[Annotated photo localization data]
┄┄┄┄┄┄┄┄┄┄┄┄┄┄┄┄┄┄┄┄

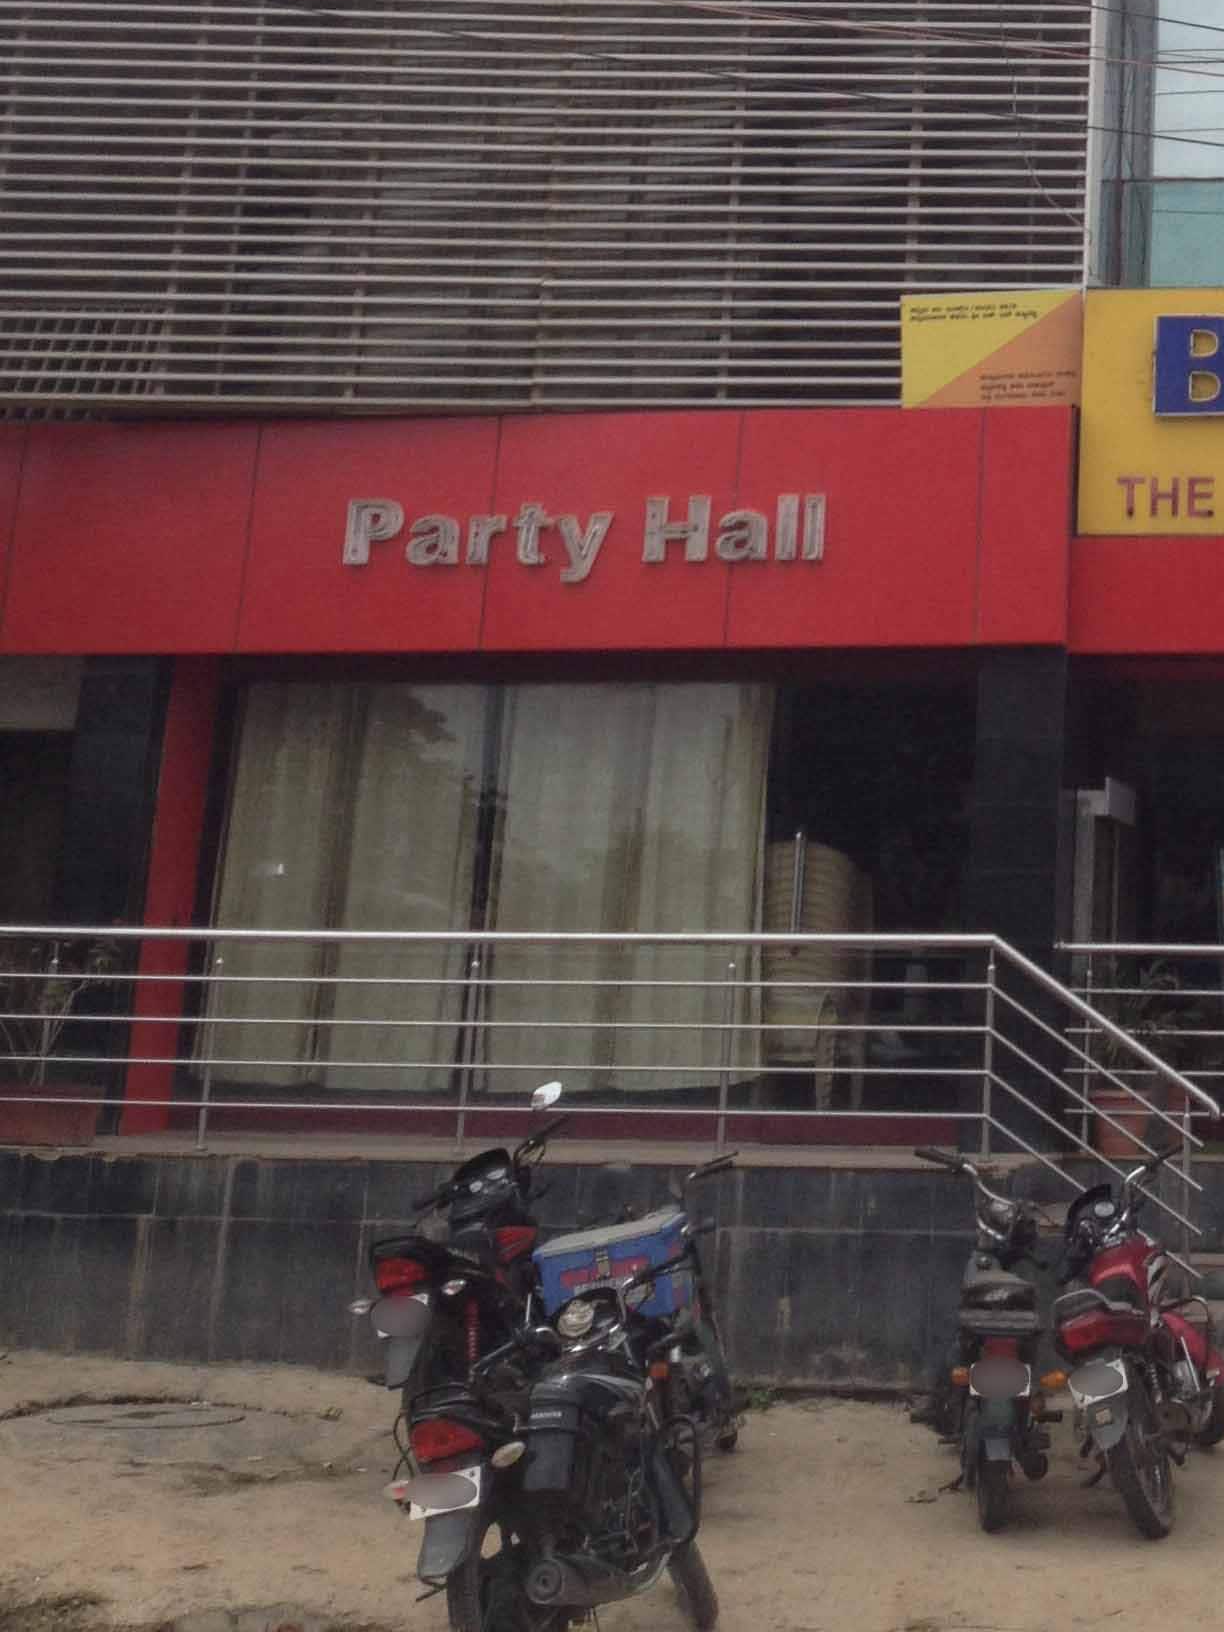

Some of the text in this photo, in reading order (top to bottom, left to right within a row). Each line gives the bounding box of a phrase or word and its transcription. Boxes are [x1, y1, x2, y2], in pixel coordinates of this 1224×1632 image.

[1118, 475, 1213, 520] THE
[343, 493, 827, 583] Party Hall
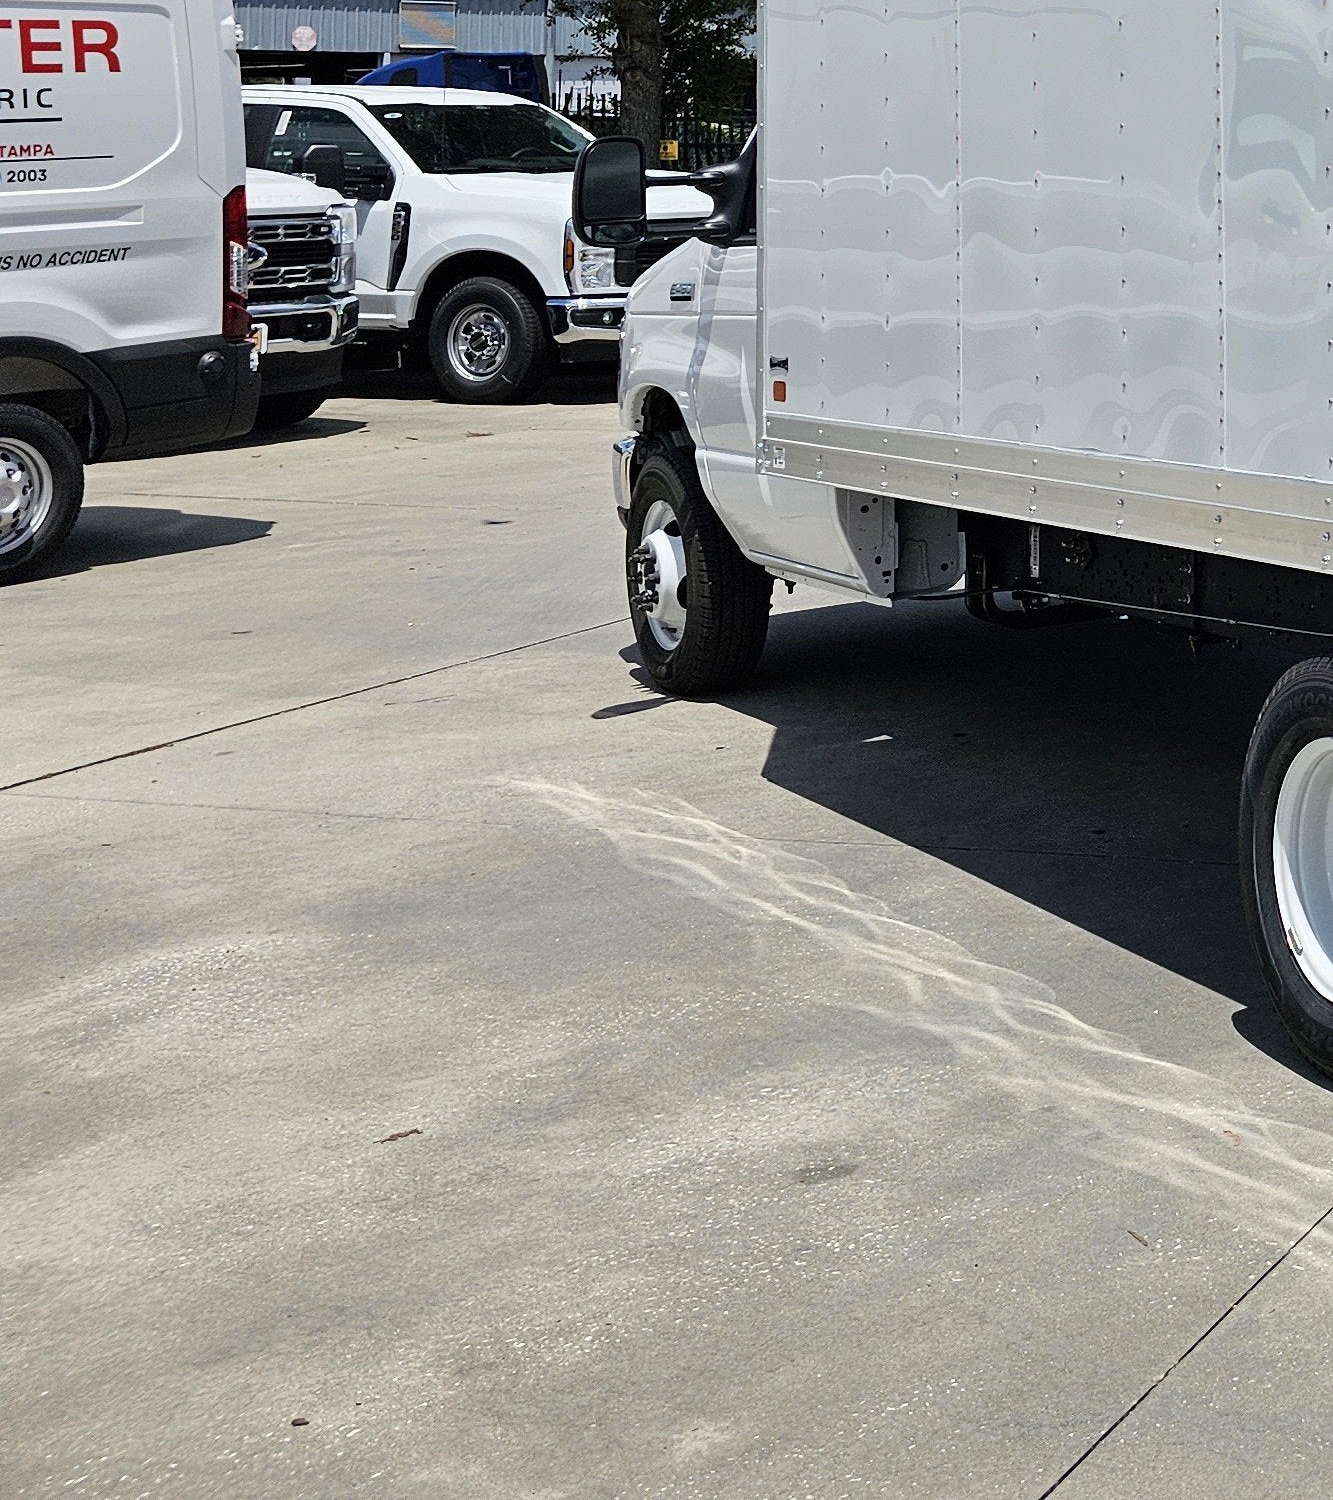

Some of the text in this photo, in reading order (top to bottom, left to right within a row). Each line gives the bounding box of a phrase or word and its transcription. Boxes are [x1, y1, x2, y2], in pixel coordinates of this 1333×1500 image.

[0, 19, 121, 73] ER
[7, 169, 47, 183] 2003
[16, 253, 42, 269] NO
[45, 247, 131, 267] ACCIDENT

┄┄┄┄┄┄┄┄┄┄┄┄┄┄┄┄┄┄┄┄

### TASK OBJECTIVE
A faithful reproduction of every entry, with no pictures, is the expected answer.

### THE COMPLETED TASK
Some of the text in this photo, in reading order (top to bottom, left to right within a row). Each line gives the bounding box of a phrase or word and its transcription. Boxes are [x1, y1, x2, y2], in pixel coordinates of this 1224×1632 image.

[1118, 475, 1213, 520] THE
[343, 493, 827, 583] Party Hall

Some of the text in this photo, in reading order (top to bottom, left to right within a row). Each line gives the bounding box of a phrase or word and its transcription. Boxes are [x1, y1, x2, y2], in pixel coordinates of this 1333×1500 image.

[0, 19, 121, 73] ER
[7, 169, 47, 183] 2003
[16, 253, 42, 269] NO
[45, 247, 131, 267] ACCIDENT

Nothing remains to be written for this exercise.